The third edition of the ‘Fabric Arts Festival’ under the title ‘Where We Meet’ returns to of Fall River, Massachusetts, May 12-14, to a celebration of arts and communal experience.
The festival will honor the urban and social fabric of the city, which is interwoven with the industrial heritage of textile mills and a deeply rooted in the Portuguese cultural heritage.
Organized by Casa dos Açores da Nova Inglaterra (CANI) and Michael Benevides, festival co-founder and owner of Fall River’s Portugalia Marketplace, the program will feature public art, music, talks and workshops.
Portugal-based curators and fellow co-founders Jesse James and Sofia Carolina Botelho, directors of a similar festival in the Azores, will also contribute and participate.
According to the festival agenda, “This edition finds inspiration in the diasporic aesthetics, languages and codes that shape the city of Fall River, to propose a program featuring public art, music, talks and workshops. We will look at Fabric as a “festa” (party in Portuguese), a place that welcomes multiple bodies, minds and ideas, intersecting everything we are, all the places we’ve been, our desires and hopes.”
The event will feature visual arts and architecture, which will include the unveiling of three new public art installations along the Quequechan River Rail Trail; showcasing music and sounds; and ‘A Table for Many’ by creating communal tables, inviting guests to share a culinary experience.
According to the event organizers, “Table for Many” will be hosted at the Police Athletic League and at the Narrows Center for the Arts, and will be a meeting space of “experimentation and intersection between the arts and gastronomy.” The event seating is limited.
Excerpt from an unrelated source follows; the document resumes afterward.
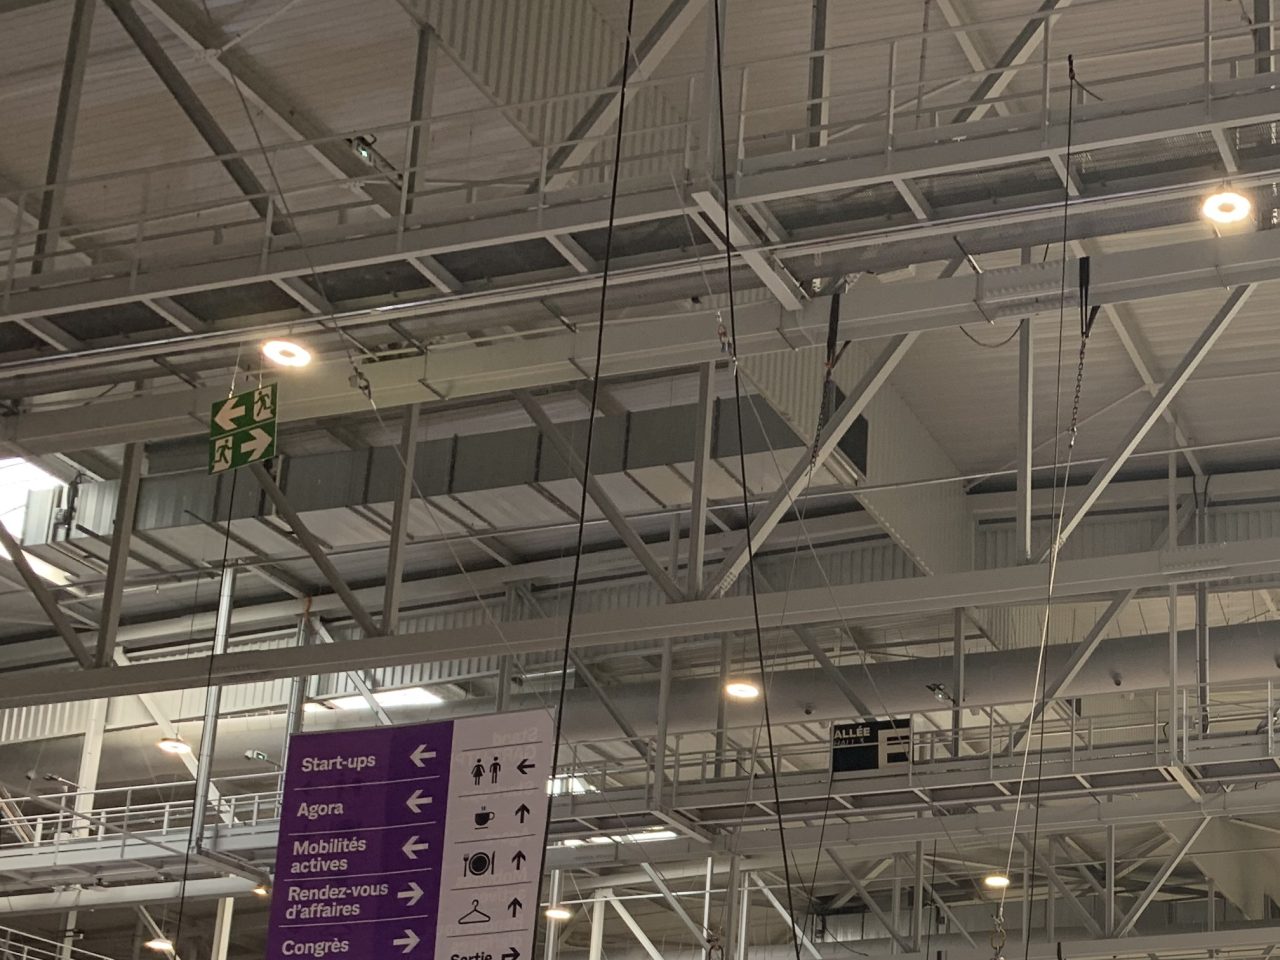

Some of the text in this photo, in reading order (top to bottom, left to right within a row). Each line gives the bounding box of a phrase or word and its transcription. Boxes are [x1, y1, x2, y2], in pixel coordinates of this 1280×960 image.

For further information table reservations visit the Fabric Arts Festival website.
Fall River is a city in Bristol County, Massachusetts, United States, with a population of 94,000, according to the United States Census (2020), making it the tenth-largest city in the state. Home to many Americans of Portuguese heritage, the city is known as a lively center of Portuguese culture, its numerous 19th-century textile mills and Battleship Cove, and home of the world’s largest collection of World War II naval vessels.
Fall River remains the city with the highest proportion of ethnically Portuguese residents (43.9%) in the United States.